* How to complete this task
Every record below must be retyped exactly, with the pictures left out.

* Information shown

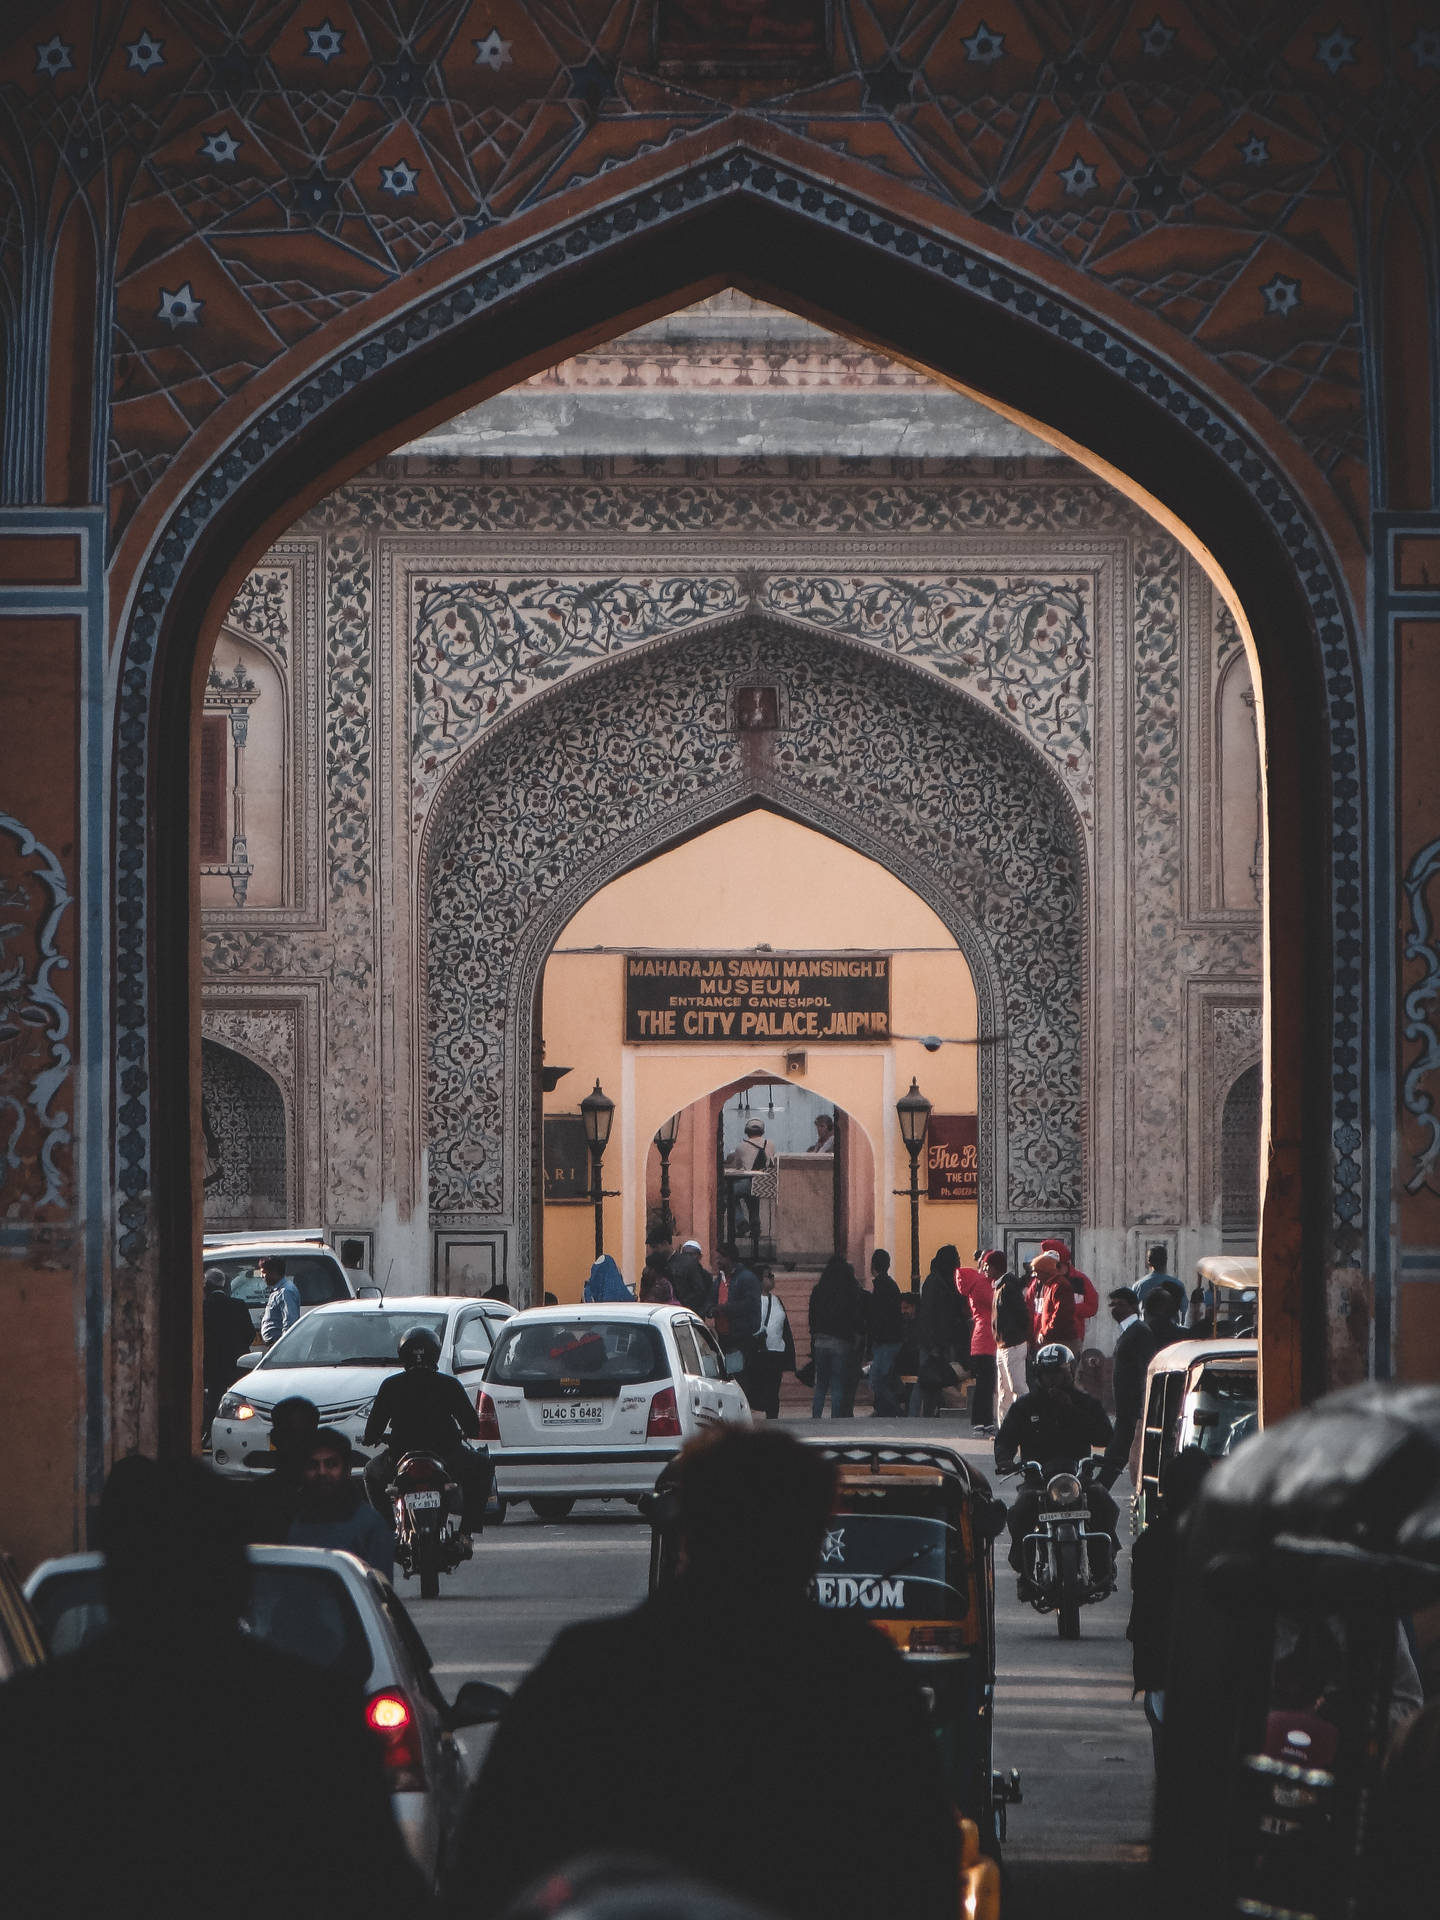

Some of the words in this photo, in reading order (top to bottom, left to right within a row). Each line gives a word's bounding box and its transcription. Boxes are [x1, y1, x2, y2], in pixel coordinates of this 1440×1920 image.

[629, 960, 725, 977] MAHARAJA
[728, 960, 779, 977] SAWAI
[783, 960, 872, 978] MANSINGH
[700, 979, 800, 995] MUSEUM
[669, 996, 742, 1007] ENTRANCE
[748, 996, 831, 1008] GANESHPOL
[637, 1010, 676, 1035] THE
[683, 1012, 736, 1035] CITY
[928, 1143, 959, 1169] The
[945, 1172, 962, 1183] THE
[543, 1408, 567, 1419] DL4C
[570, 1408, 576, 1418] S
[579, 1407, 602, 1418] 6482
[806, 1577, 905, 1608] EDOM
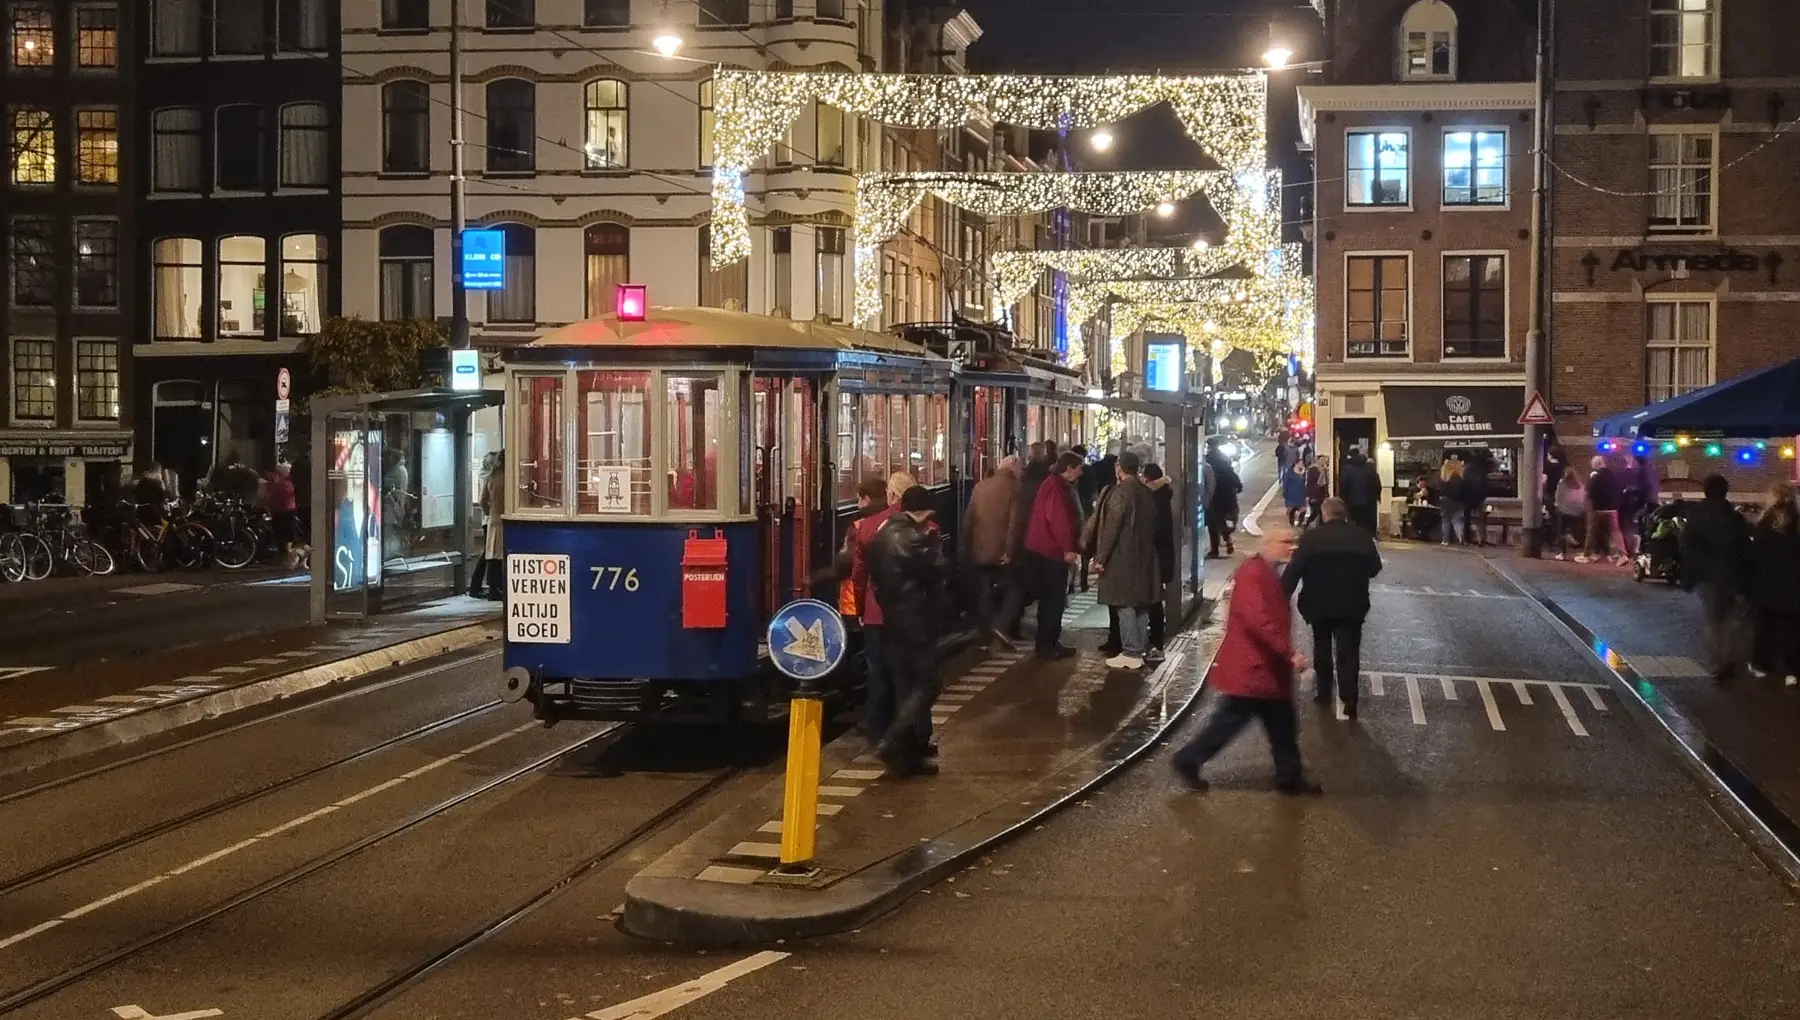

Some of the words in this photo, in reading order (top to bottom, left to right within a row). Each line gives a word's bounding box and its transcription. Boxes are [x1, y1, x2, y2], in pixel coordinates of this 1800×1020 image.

* Task solution
Some of the words in this photo, in reading order (top to bottom, left to right within a row). Each line gives a word's bounding box and its transcription. Boxes are [x1, y1, x2, y2], in pixel coordinates of this 1440×1920 image.

[629, 960, 725, 977] MAHARAJA
[728, 960, 779, 977] SAWAI
[783, 960, 872, 978] MANSINGH
[700, 979, 800, 995] MUSEUM
[669, 996, 742, 1007] ENTRANCE
[748, 996, 831, 1008] GANESHPOL
[637, 1010, 676, 1035] THE
[683, 1012, 736, 1035] CITY
[928, 1143, 959, 1169] The
[945, 1172, 962, 1183] THE
[543, 1408, 567, 1419] DL4C
[570, 1408, 576, 1418] S
[579, 1407, 602, 1418] 6482
[806, 1577, 905, 1608] EDOM

Some of the words in this photo, in reading order (top to bottom, left to right within a row). Each line gives a word's bounding box and its transcription. Boxes are [x1, y1, x2, y2], in pixel coordinates of this 1800×1020 image.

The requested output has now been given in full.